The sales and operations planning process (see definition in Section 5.1.2) is an approach for the tactical planning of a company or a supply chain.

Tactical planning is the process of developing a set of tactical plans, e.g., the sales plan, the inventory plan, or the production plan (see [ASCM22]).

A sales plan is a time-phased statement of expected customer orders anticipated to be received (incoming sales, not outgoing shipments) for each major product family or item.

A sales plan is more than a forecast. It represents sales and marketing management’s commitment to achieve this level of customer orders and can be dependent on forecast. It is expressed in units or in gross income, on an aggregate level.

A production plan is the agreed-upon plan that comes from the overall level of manufacturing output planned to be produced ([ASCM22]).

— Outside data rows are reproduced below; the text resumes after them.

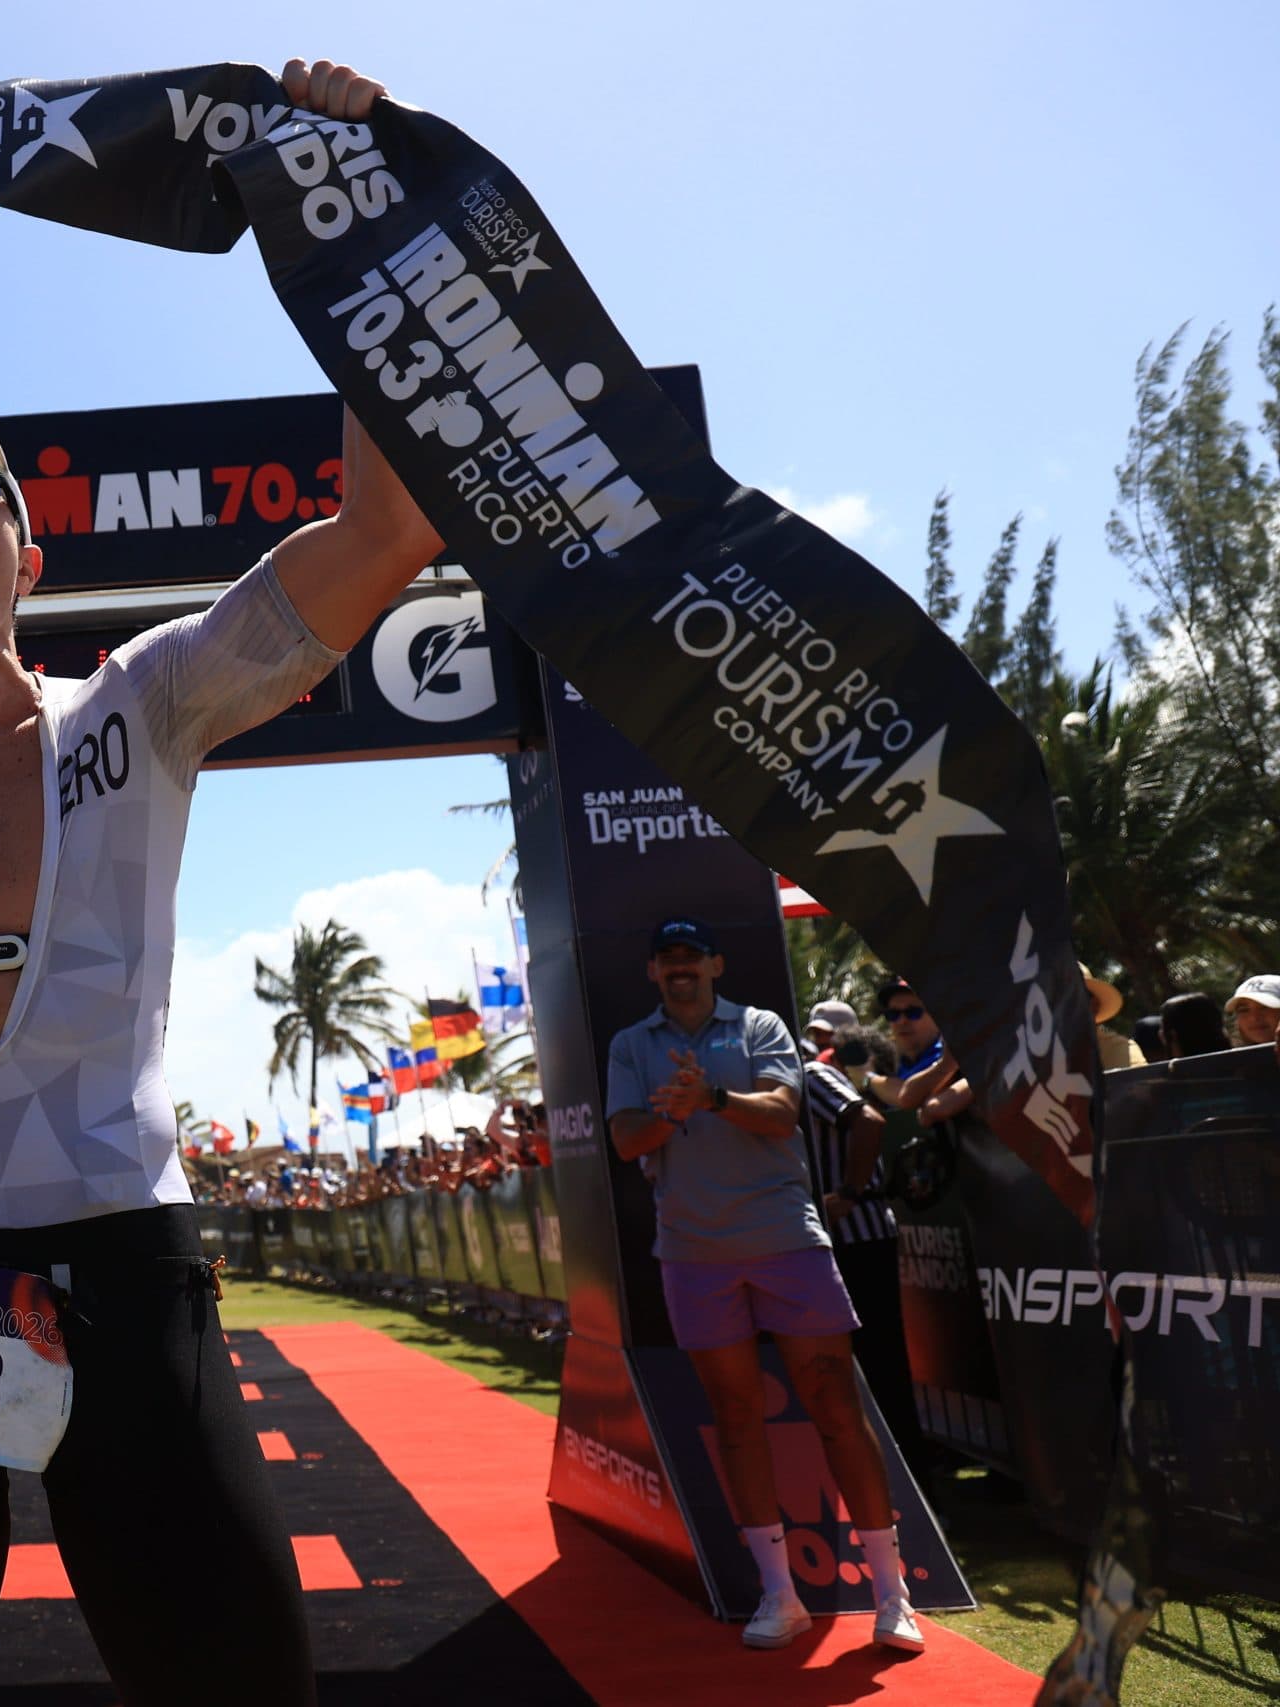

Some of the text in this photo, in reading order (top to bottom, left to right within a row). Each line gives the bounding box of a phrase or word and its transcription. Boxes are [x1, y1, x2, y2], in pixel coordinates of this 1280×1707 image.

[457, 186, 518, 254] TOURISM
[463, 218, 500, 260] COMPANY
[502, 208, 529, 239] RICO
[447, 457, 524, 546] RICO
[479, 436, 591, 570] PUERTO
[651, 573, 883, 803] TOURISM
[712, 563, 914, 752] PUERTO RICO
[582, 785, 684, 807] SAN JUAN
[713, 706, 836, 825] COMPANY

Production planning is the process of developing the production plan.

The production plan is usually stated as a monthly rate for each product family. Various units of measure can be used to express the plan: units, tonnage, standard hours, number of workers, and so on.

Similarly, a procurement plan for salable products is the agreed-upon plan for product families or products to be purchased, that are intended to be sold directly, that is, without being used by the company itself or built as components into products.

Generally, a sales plan does not reflect a steady demand. However, the capacities (workers and production infrastructure) tend to be available at a steady rate. Therefore, if the demand pattern cannot be changed — by offering complementary products or price incentives or simply changing the due dates, for example — there are in principle two possible manufacturing strategies[note 511] (or a combination of them) to manage supply:

  • Flexible capacity in order to match the demand fluctuations.
  • Store products to meet peak demand, while continuing production at a steady rate.

Choosing the first option incurs so-called costs of changing production rhythm, or production rate change costs. These may include the costs of overtime and undertime, more facilities and equipment, part-time personnel, hiring and releasing employees, sub­contract­ing, or agreements to use infrastructure cooperatively. See the discussion in Section 14.2.3.

The second choice incurs — as already discussed in Section 1.1.6 — carrying costs, in particular costs of financing or capital costs, storage infrastructure costs, and depreciation risk. For details, see Section 11.4.1.

An inventory policy is a statement of a company’s objectives and approach to the management of inventories ([ASCM22]).

An inventory policy expresses, for example, the extent to which either one or both of the above options will be followed. The policy can include a decision to reduce or increase inventory in general.

An inventory plan determines the desired levels of stored items, mostly end products, according to the company’s inventory policy.

The production plan can thus be obtained from the sales plan via the desired inventory plan. Or turned around, a desired production plan implies a corresponding inventory plan. By changing the inventory policy iteratively, a different production plan as well as the corresponding inventory plan (or vice versa) can be obtained.

Continuation in next subsection (5.2.2b).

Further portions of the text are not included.